A few days ago I took my first-ever photo of a slime mold. SO EXCITING!
This little brown clump, less than an inch across, was growing out of the end of a fallen log. (Honestly I’m not sure how I even noticed it.) Specifically this is a slime mold in the genus Stemonitis, I believe.
Why am I so excited about something that’s tiny, brown, and has such a disgusting name? Because slime molds have some of the most fascinating life cycles of any organisms, essentially flipping back and forth between being single-celled organisms and multi-celled organisms. (At one point they were classified with the fungi, but they’re really their own thing.) They start life as single-celled, amoeba-like creatures, but later a bunch of these individual cells will all band together into a blob called a plasmodium that crawls around in search of food. Eventually the blob produces fruiting bodies, which is what you’re seeing in my picture – when I touched them my fingertips came away coated in a soft brown dust of spores. The spores made by the fruiting bodies will develop into a new generation of amoeba-things.

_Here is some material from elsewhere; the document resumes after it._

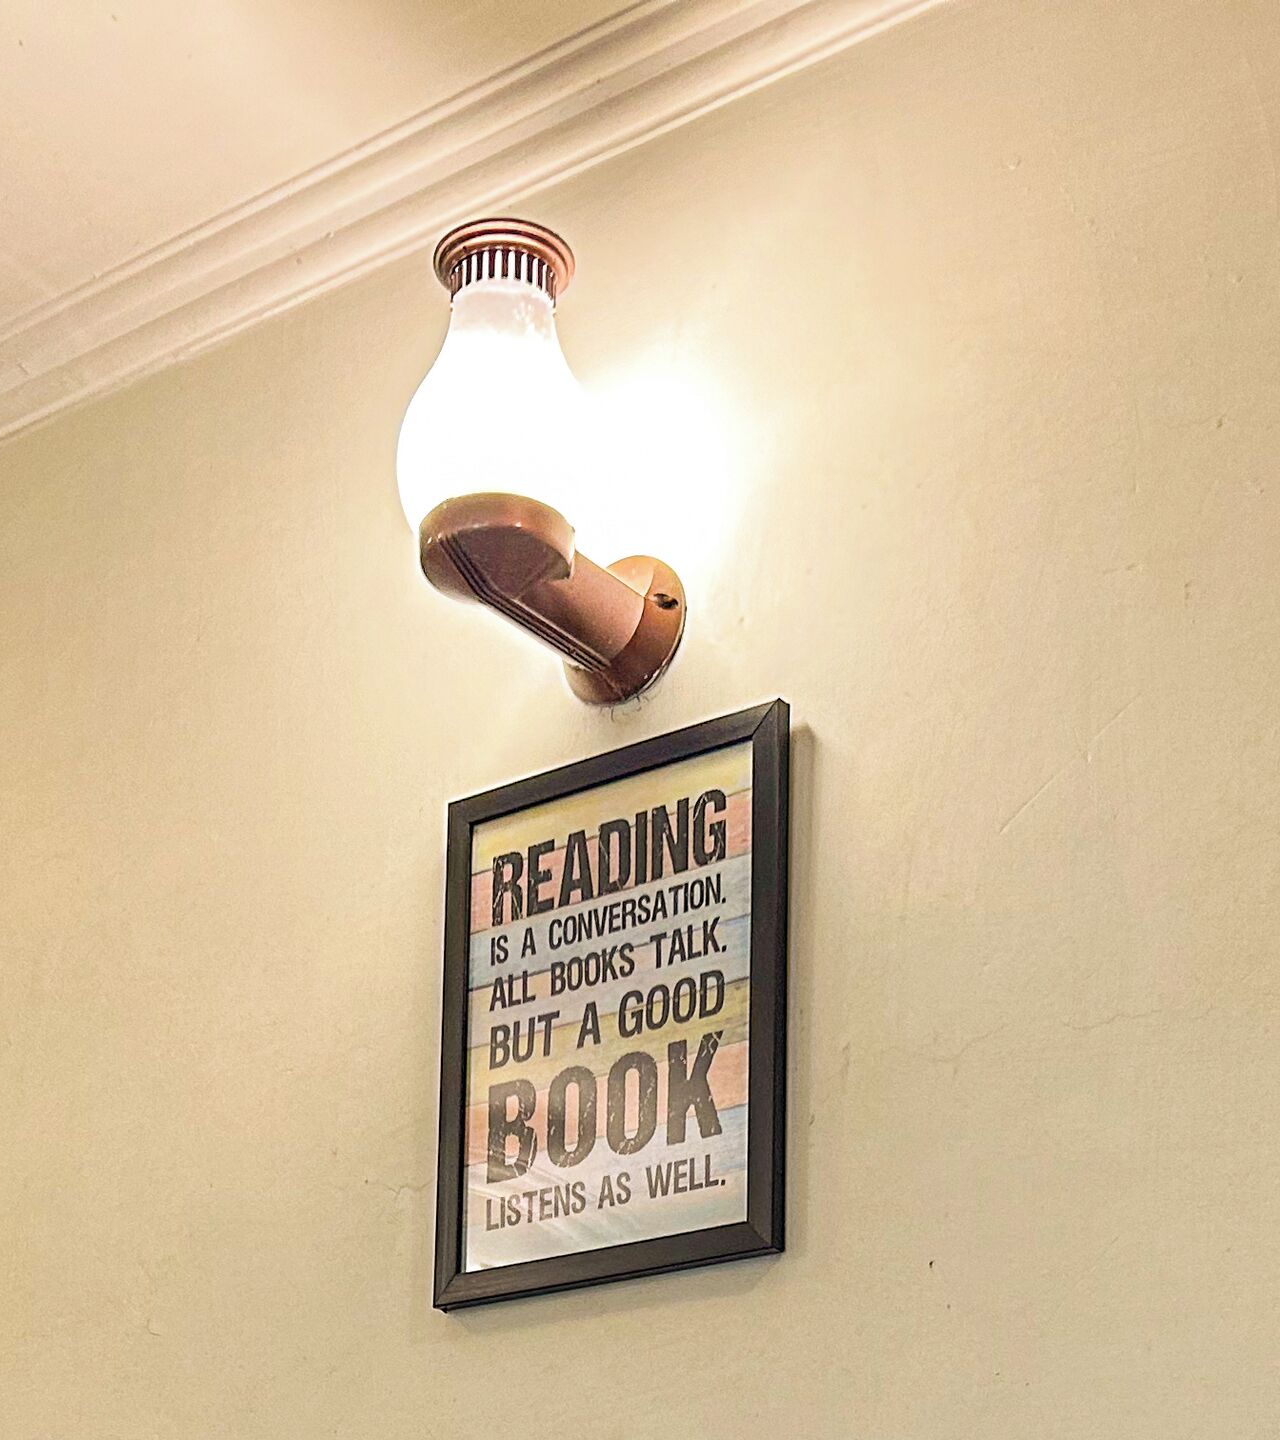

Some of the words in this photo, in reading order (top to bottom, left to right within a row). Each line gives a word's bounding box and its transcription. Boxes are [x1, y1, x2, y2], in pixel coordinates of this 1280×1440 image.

What’s really crazy is that, despite lacking a brain or even a nervous system of any kind, plasmodia show a sort of basic intelligence. They can learn from and anticipate events; they can make decisions. Some are really beautifully bizarre-looking, too, as you can see in the photo gallery at this io9 article.
So in conclusion, yes, I get excited about weird things sometimes. But c’mon. SLIME MOLD.
Many years ago I lived in extreme northwest California. Winter brings endless rain. One winter, I awoke to discover an entire wall of my bedroom had been populated by slime mold overnight!
Hm. As much as I like them I’m not sure I’d want to find them growing out of my bedroom wall.
They are meant to be. Slime mold so full of natural intelligence and I find a kind of alien beauty which really makes you pause. Gary H Lincoff calls them the Dr Jekylls and Mr Hydes of the plant world in his poplar 1980s N A S Field guide to Mushrooms. Lovely photo by the way.
Neat! Slime molds are wonderful. Great to watch them form fruiting bodies. Great catch!
This is my favorite slime mold, chocolate tube slime! It’s the stuff that got me interested in them in the first place.
Chocolate tube slime??? Is that really its common name? That’s amazing.